By Judy Brandon: Local columnist
I love a parade. From the time I was little, I can remember watching parades at one time or another. My far back memories take me to Missouri when we would always go to parades in downtown Kansas City. It just takes an occasion to throw a parade.
Each time I stood on the sidewalk for the upcoming parade, I could hardly wait for the excitement marching down the street toward me. There would be bands, cowboys, clowns on scooters, clowns juggling and clowns walking on stilts. There were floats, balloons and, at times, dogs dressed up in costumes and ponies adorned with plumes and dressed-up riders.
There were the floats. In my childlike mind, I thought the floats were magical and could even grow colors on their sides. The floats seemed so giant to me.
The marching bands had colorful uniforms and shiny instruments that glistened in the sun.
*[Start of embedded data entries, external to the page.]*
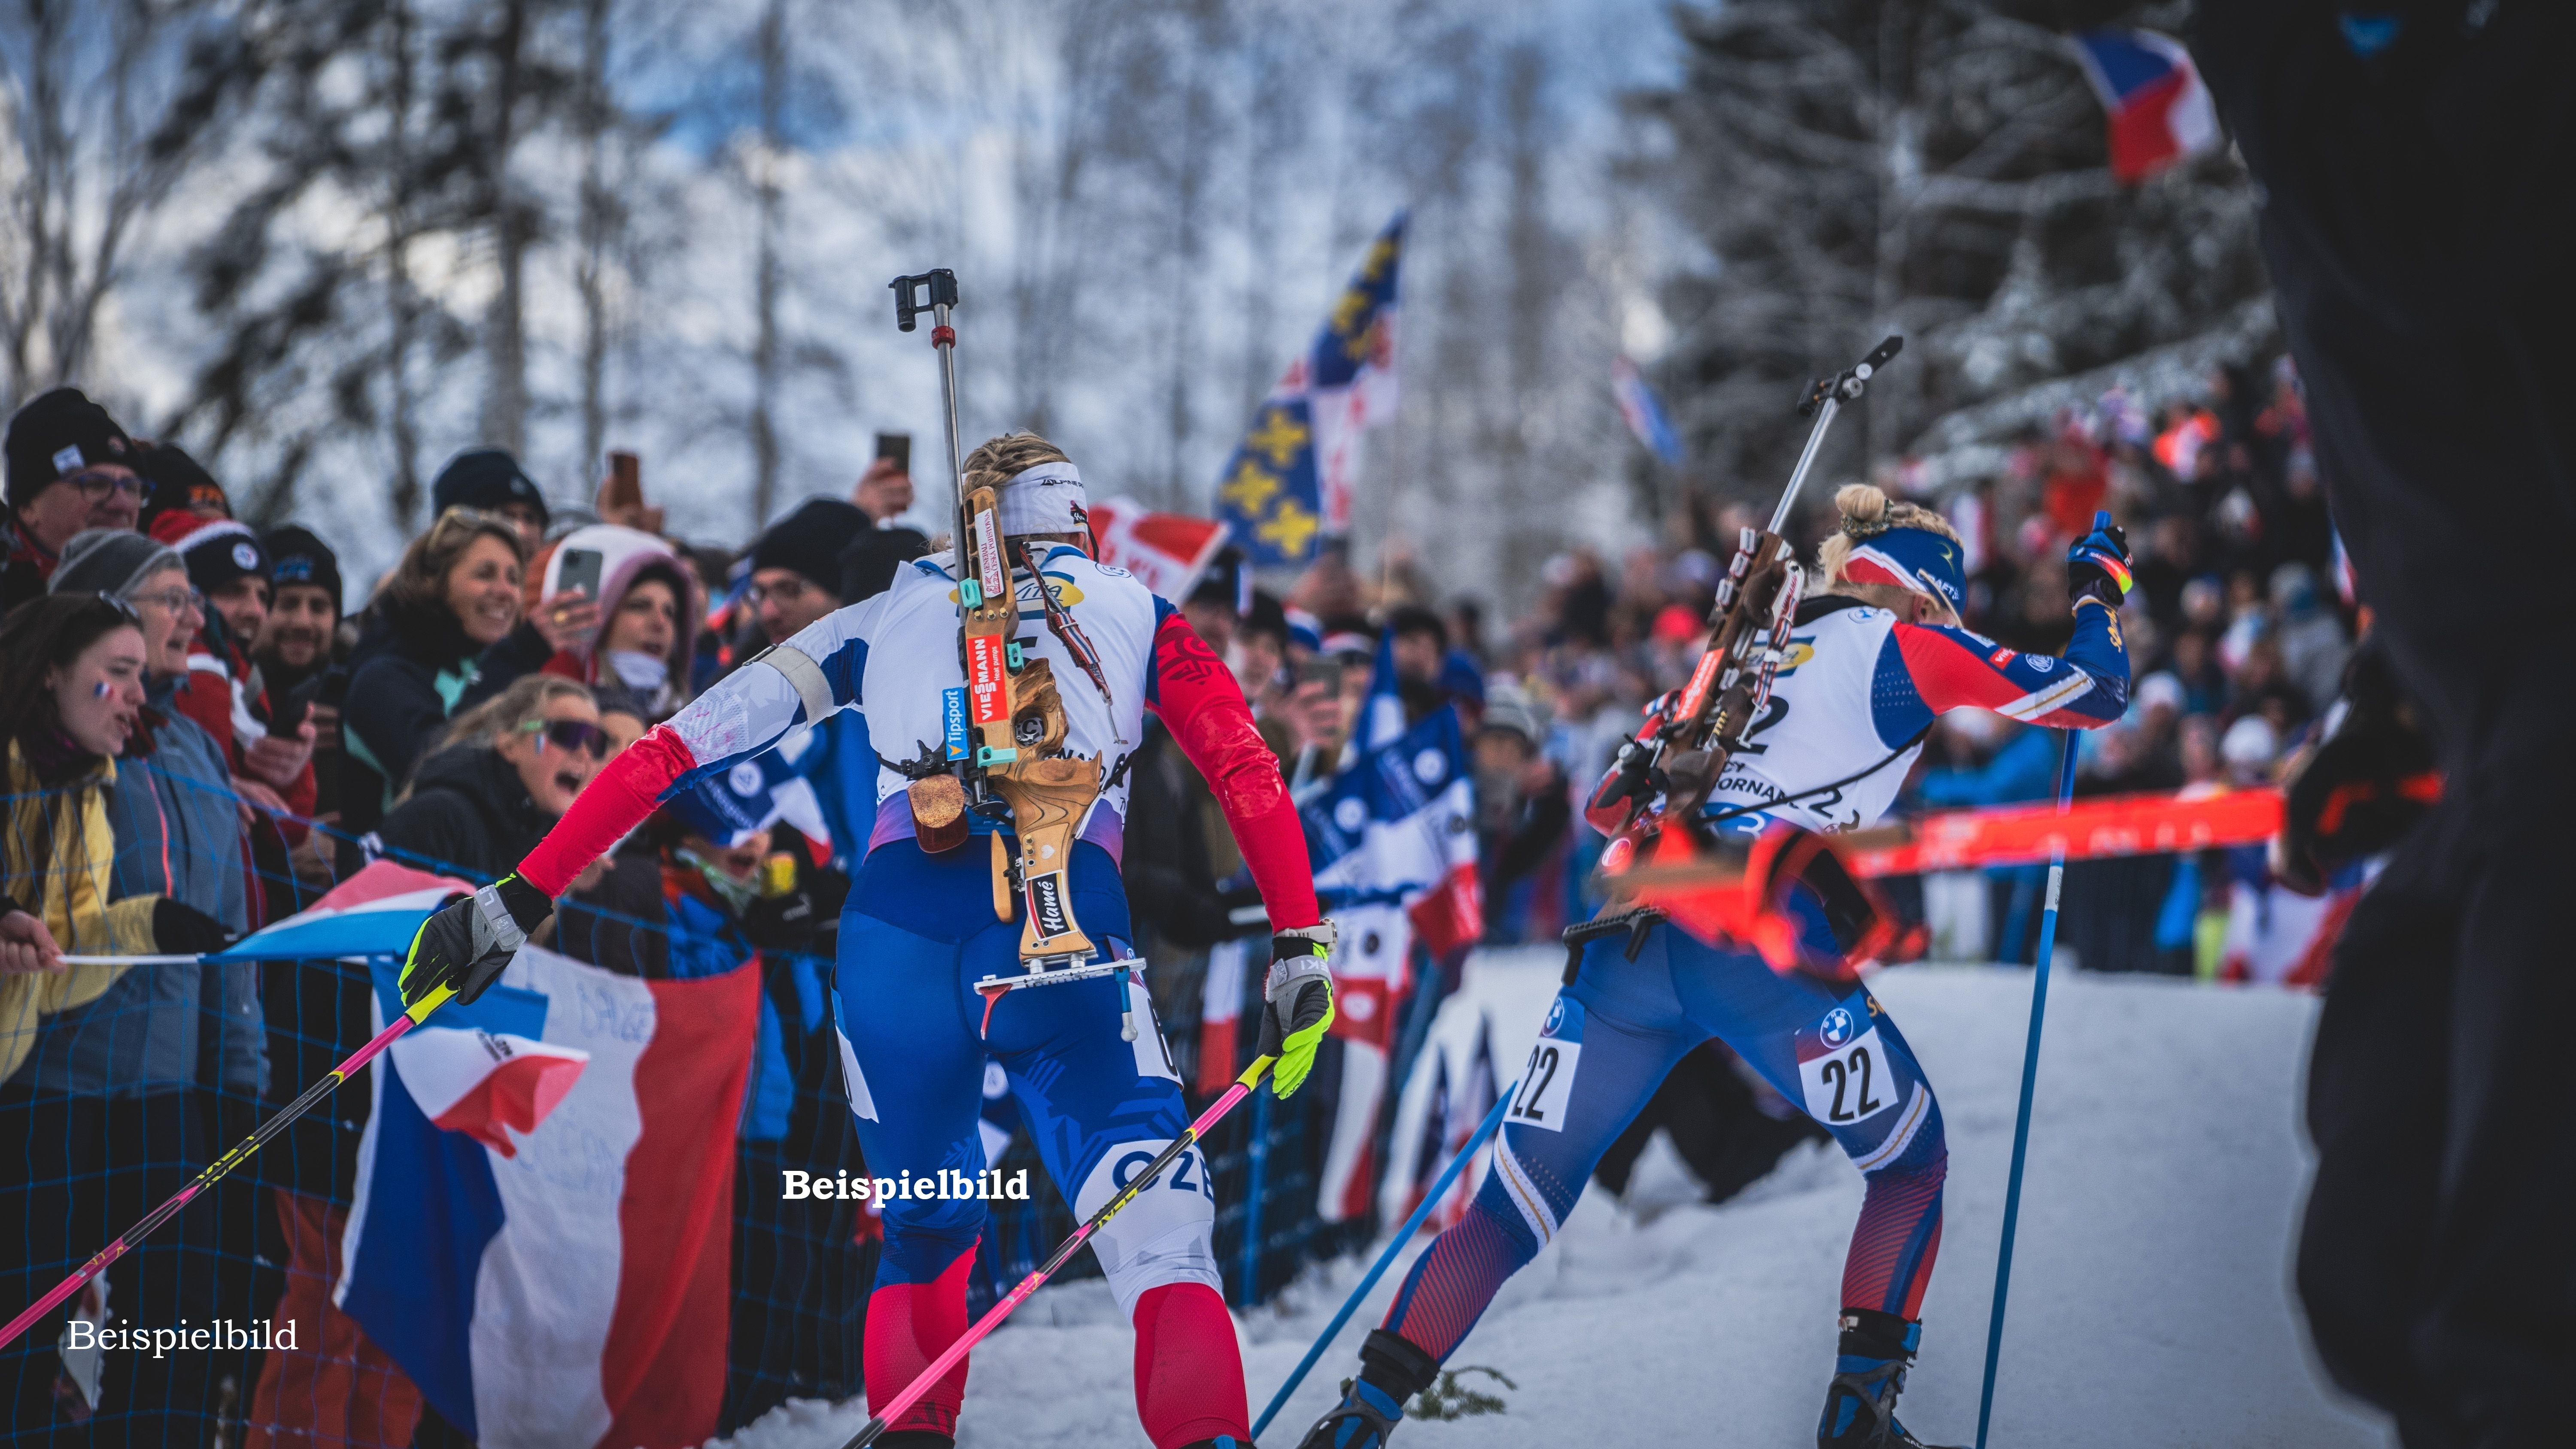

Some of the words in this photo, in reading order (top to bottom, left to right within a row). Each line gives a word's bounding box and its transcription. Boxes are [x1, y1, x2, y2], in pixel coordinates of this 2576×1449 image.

[981, 543, 990, 573] GENERALI
[988, 550, 998, 571] ČESKÁ
[974, 639, 997, 721] VIESSMANN
[992, 646, 1000, 665] pumps
[945, 691, 963, 742] Tipsport
[1037, 881, 1064, 931] Hamé
[1823, 1010, 1846, 1029] BMW
[1511, 1045, 1559, 1122] 22
[1821, 1047, 1880, 1122] 22
It was a magnificent sight for the two little girls who spent their days in the suburbs of Kansas City.
I’ve attended Memorial Day parades, July Fourth parades, Veterans Day parades, Christmas parades, rodeo parades and even Vacation Bible School parades.
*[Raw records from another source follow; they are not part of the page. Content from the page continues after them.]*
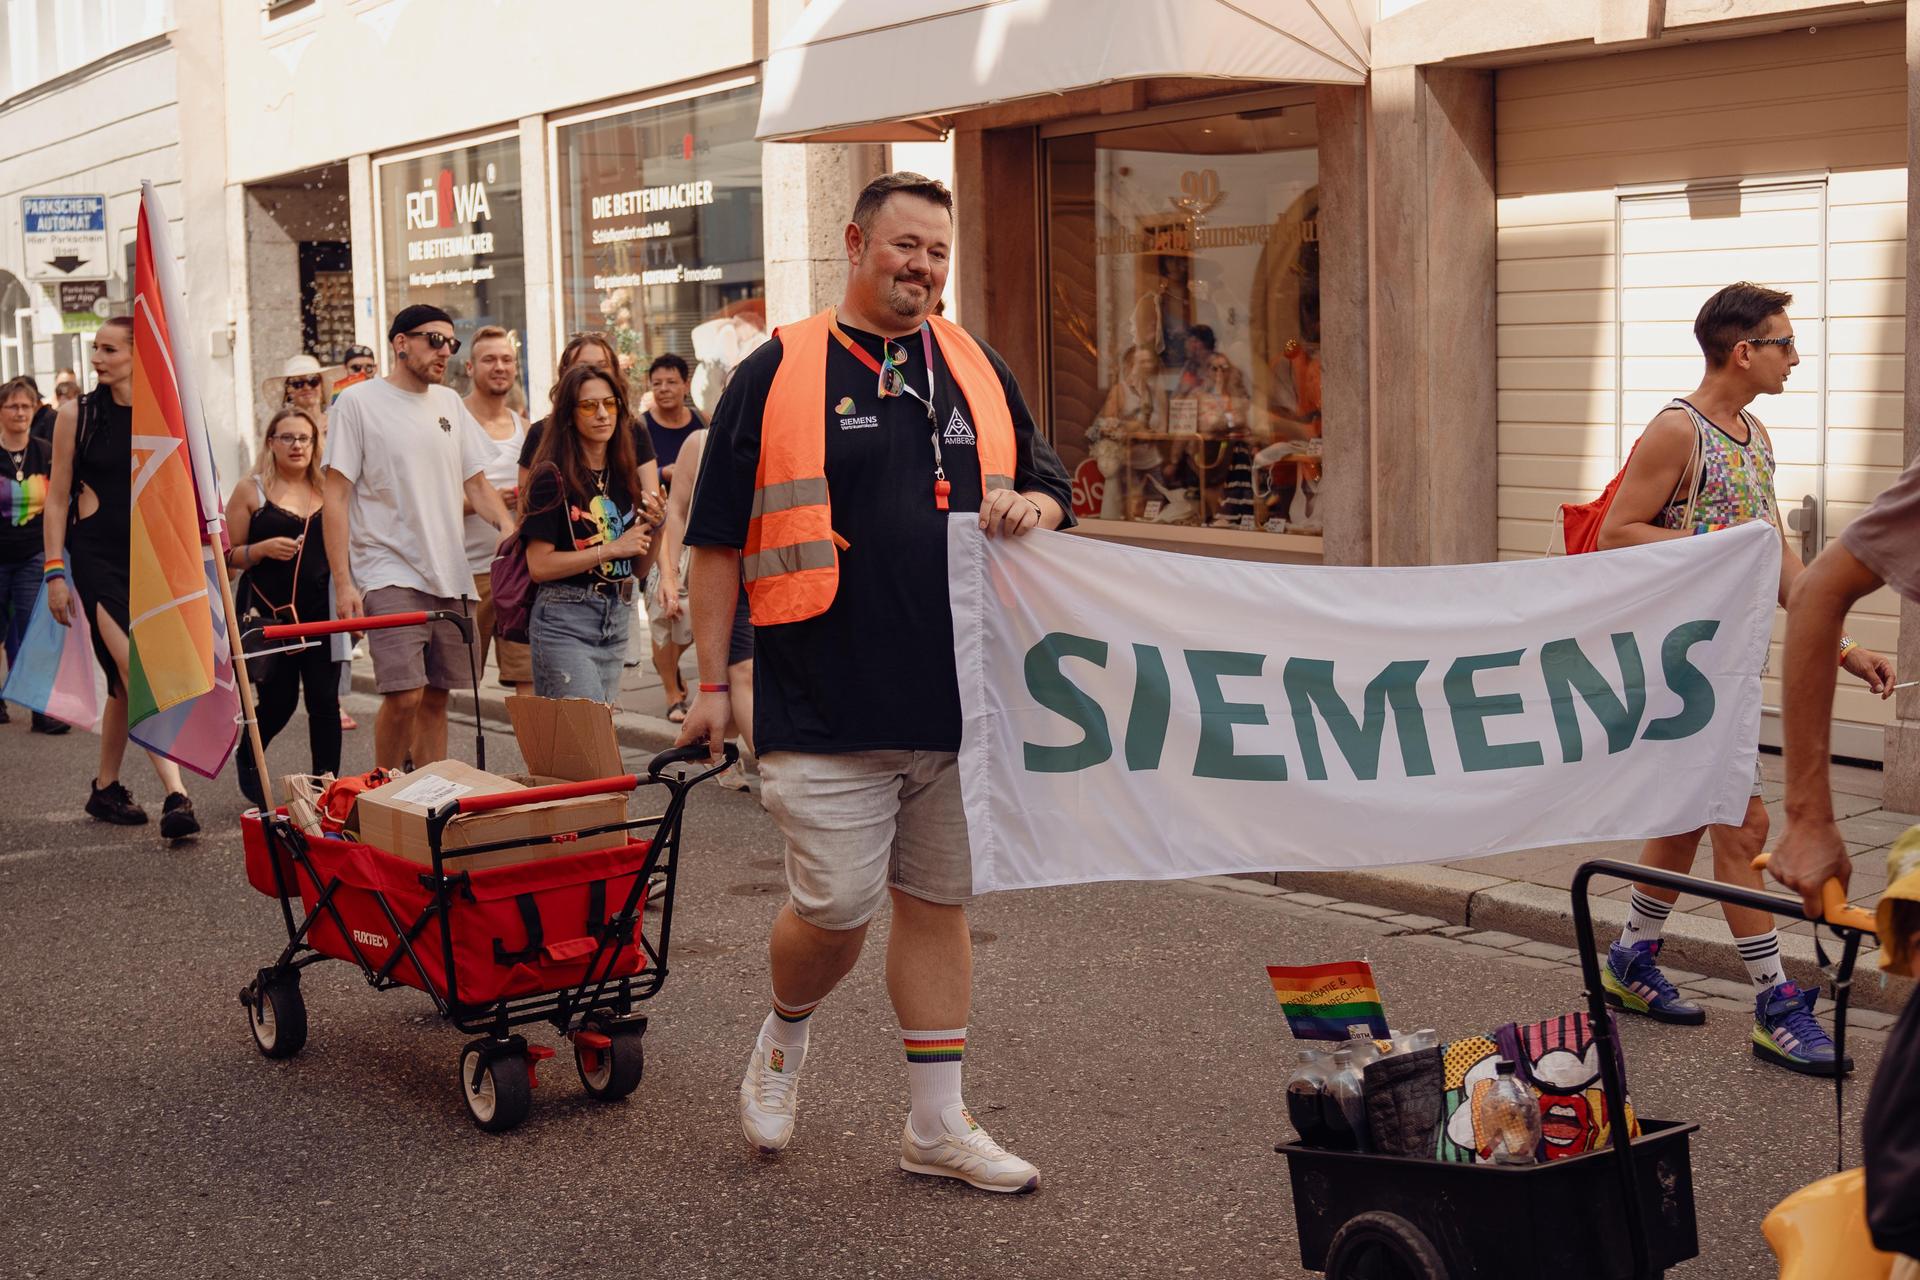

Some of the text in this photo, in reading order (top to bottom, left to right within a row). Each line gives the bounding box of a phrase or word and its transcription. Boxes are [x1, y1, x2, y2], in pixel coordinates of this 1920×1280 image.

[1180, 169, 1219, 204] 90
[25, 198, 101, 215] PARKSCHEIN-
[406, 178, 492, 230] RÖWA
[592, 180, 713, 219] DIE BETTENMACHER
[37, 215, 91, 231] AUTOMAT
[408, 232, 494, 261] DIE BETTENMACHER
[840, 416, 877, 426] SIEMENS
[945, 437, 976, 445] AMBERG
[602, 560, 632, 577] PAU
[1023, 619, 1720, 782] SIEMENS
[353, 929, 384, 948] FUXTEC
[1286, 976, 1348, 1007] DEMOKRATIE &
Mother remembers the newspaper coverage of the parades to celebrate the ending of World War II. Sometimes we have parades for World Series winners and Super Bowl Champions. Clovis even had a parade for the Base Realignment and Closure Commission.
Think about it: It just takes an occasion to have a parade.
The world thinks little of a certain parade in the Bible. It was Jesus’ triumphant entry into Jerusalem just a few days before his crucifixion. This parade was not his doing and it wasn’t his idea. The people just came and followed him and ran ahead of him at times as he rode the little donkey into Jerusalem. The crowds gathered and grew as they celebrated his presence that day.
This parade happened on the first day of the week before Jesus’ crucifixion. The procession in the parade included all kinds of people. There were the disciples and the Bethany townspeople, and there were children.
A multitude came out and joined Jesus as he proceeded into Jerusalem. The people had read the scriptures and knew Zechariah had prophesized that when their king came, he would come that way. They knew from the prophets just what they should say in acclamation: “Hosanna to the son of David: Blessed is he that comes in the name of the Lord.”
On that day, there were no bands, no floats and certainly no dignitaries. Yet, the people gathered the branches and leaves from the palm trees all along the side of the road and waved them and spread them down before Jesus. Some even spread their clothes down for him to ride on and the whole multitude shouted and sang all the way into Jerusalem. They put on a parade fit for a king — because he was one.
As he approached the temple in Jerusalem, the little children sang, “Hosannas to the son of David!” That day has become known as Palm Sunday.
Not all people were happy with what the children were saying. There were the Pharisees who took issue with the praise the people gave Jesus. But even the hard hearts of the Pharisees could not squelch the festive attitude and excitement the crowd held that day for Jesus — their Messiah the King. Now that was a parade.
The account of Jesus riding into Jerusalem may be found in Luke 19:28-40.